Has anybody seen this recent paper from NVIDIA? Nemotron Elastic: Towards Efficient Many-in-One Reasoning LLMs - [2511.16664] Nemotron Elastic: Towards Efficient Many-in-One Reasoning LLMs
There’s a model up on HF - nvidia/NVIDIA-Nemotron-Labs-3-Elastic-30B-A3B-BF16 · Hugging Face (Note that there are FP8 and NVFP4 quants available.) Each is a 30B, 23B, and 13B model in the same package. And the entire package is the size of the largest model. Kinda reminds me of those Doublemint commercials - “it’s three, three, three models in one!”
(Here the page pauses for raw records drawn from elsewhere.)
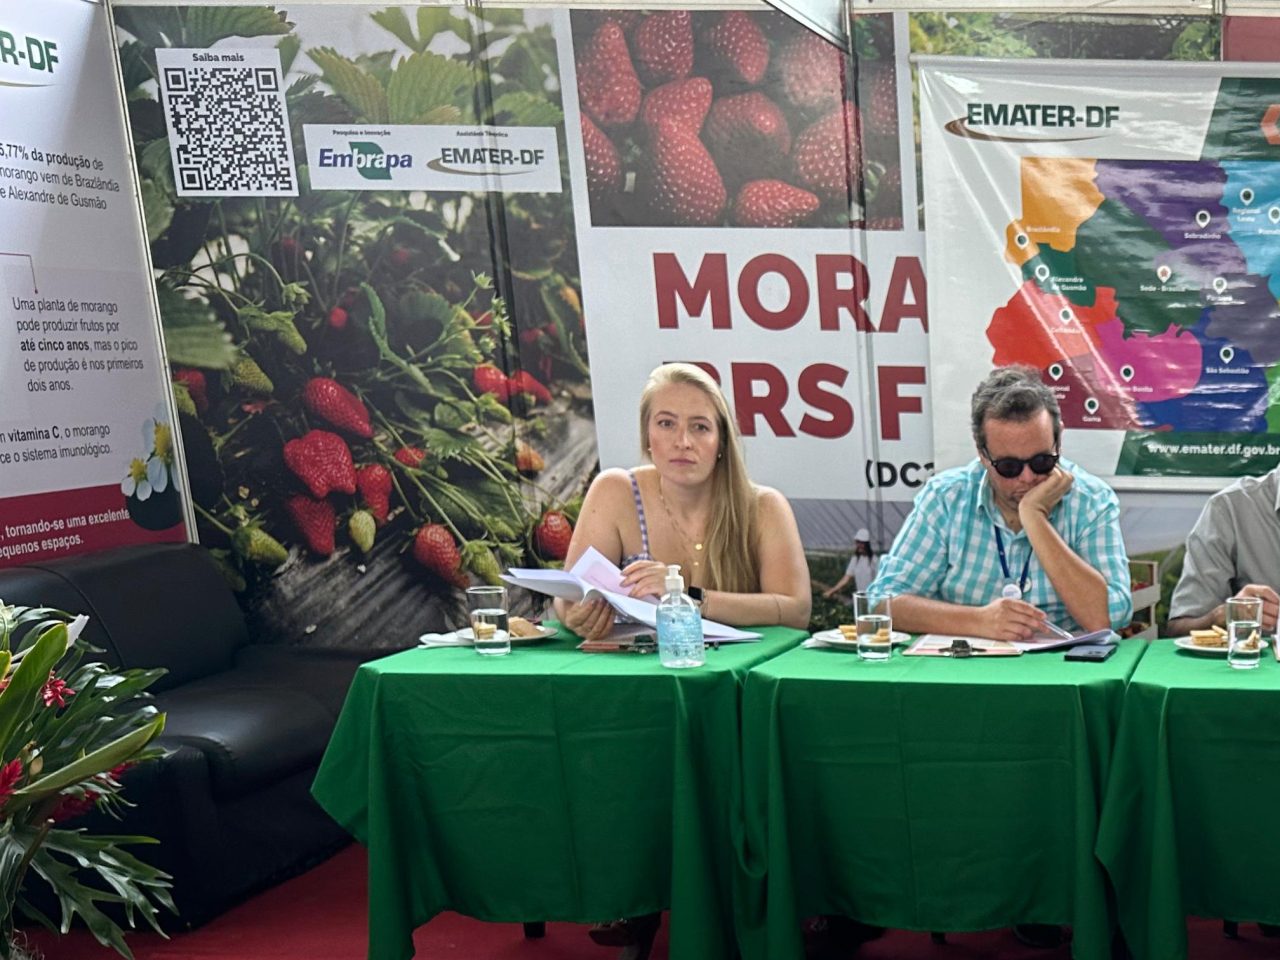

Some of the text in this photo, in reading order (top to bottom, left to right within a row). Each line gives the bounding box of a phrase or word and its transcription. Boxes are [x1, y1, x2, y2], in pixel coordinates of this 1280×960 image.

[192, 52, 245, 62] Saiba mais
[967, 103, 1120, 128] EMATER-DF
[31, 148, 44, 162] da
[46, 152, 91, 171] produção
[92, 158, 104, 171] de
[319, 148, 413, 168] Embrapa
[441, 147, 545, 166] EMATER-DF
[40, 171, 60, 185] vem
[62, 173, 73, 186] de
[75, 174, 120, 193] Brazlândia
[8, 185, 55, 205] Alexandre
[58, 193, 69, 205] de
[70, 193, 107, 211] Gusmão
[652, 252, 929, 333] MORA
[12, 297, 118, 316] Uma planta de morango
[16, 319, 120, 334] pode produzir frutos por
[20, 338, 138, 353] até cinco anos, mas o pico
[24, 358, 144, 374] de produção é nos primeiros
[27, 379, 74, 392] dois anos.
[662, 361, 927, 440] RS F
[7, 426, 51, 442] vitamina
[64, 428, 71, 439] o
[72, 424, 111, 439] morango
[13, 452, 21, 463] o
[22, 447, 58, 462] sistema
[59, 442, 112, 459] imunológico.
[5, 507, 131, 538] tornando-se uma excelente
[41, 533, 84, 552] espaços.
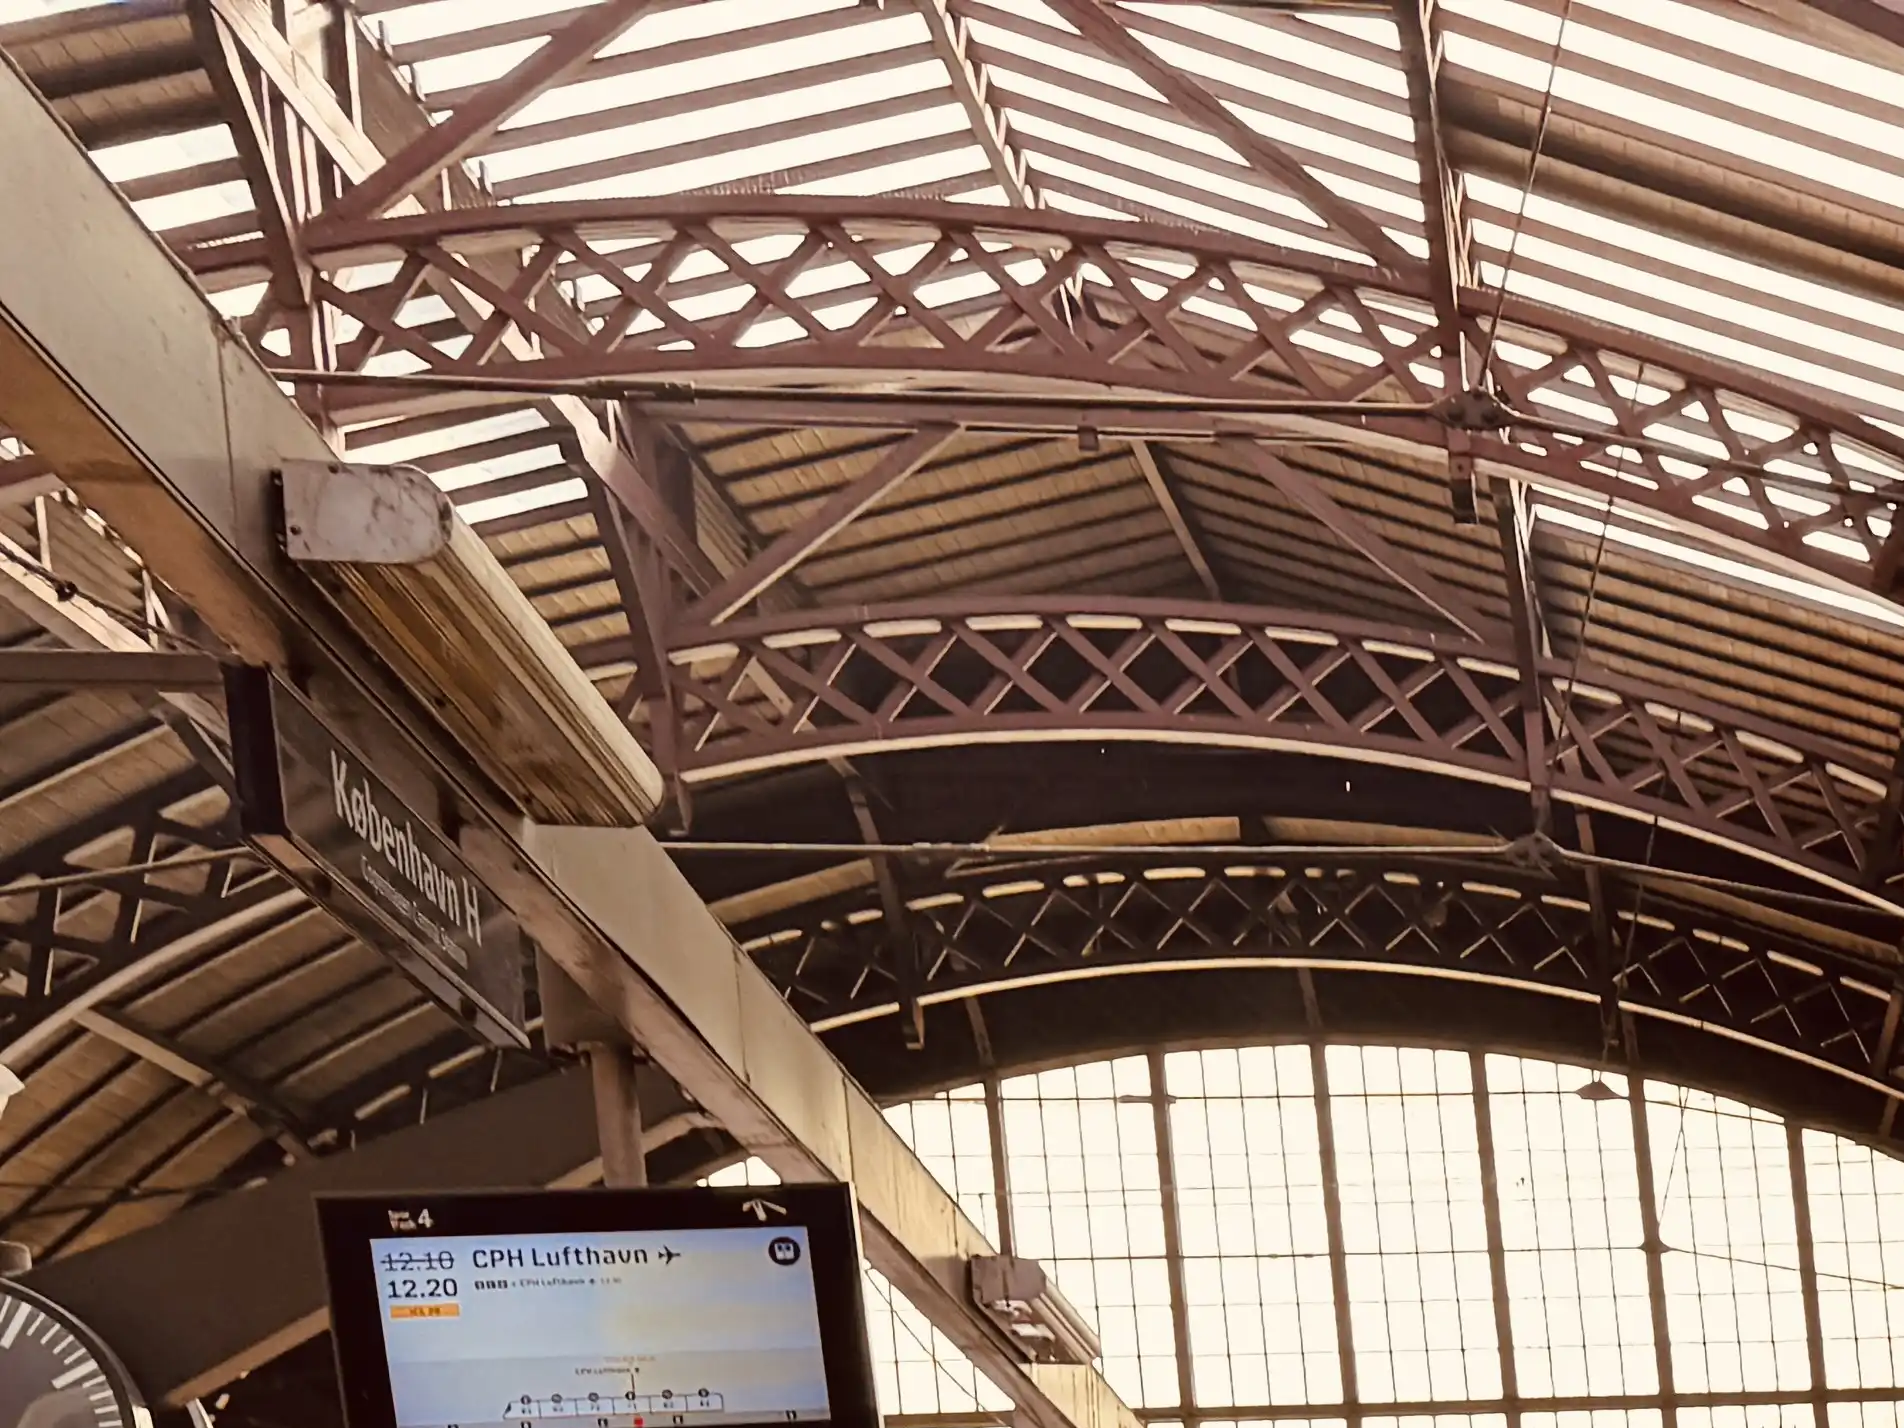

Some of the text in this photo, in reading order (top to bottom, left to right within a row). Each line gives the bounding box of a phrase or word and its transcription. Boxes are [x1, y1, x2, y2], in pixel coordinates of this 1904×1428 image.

[331, 748, 460, 926] København
[462, 876, 482, 948] H
[472, 1246, 648, 1269] CPH Lufthavn
[387, 1278, 458, 1299] 12.20
It seems there are two aspects to this that are interesting:
- The ability to “slice” a model checkpoint from the base, and run it, and
- The as-yet-unmet-promise of being able to run the full model and have the engine choose which variant to use during different phases of inference via something they call “Elastic Budget Control”.
I guess if you’re bandwidth limited only having to download a single model is interesting. Might also be useful in a llama-swap context.
However, that second one is most interesting, especially in our limited resources world. If we can run a single model in a hybrid mode we may see significant impacts on real-world performance in a variety of applications. From the model card:
⚠️ Note on inference support. Elastic budget control is not yet supported in the standard vLLM inference engine — switching nested sub-models within a single generation (e.g., 23B → 30B think → answer) currently requires a custom inference path. Nested models preserve the Mamba and attention layer structure, enabling cache-state transplantation between models, and efficient native vLLM integration is actively being worked on .
Looking forward to seeing this supported in vLLM. For those who know far more than me, what might that take?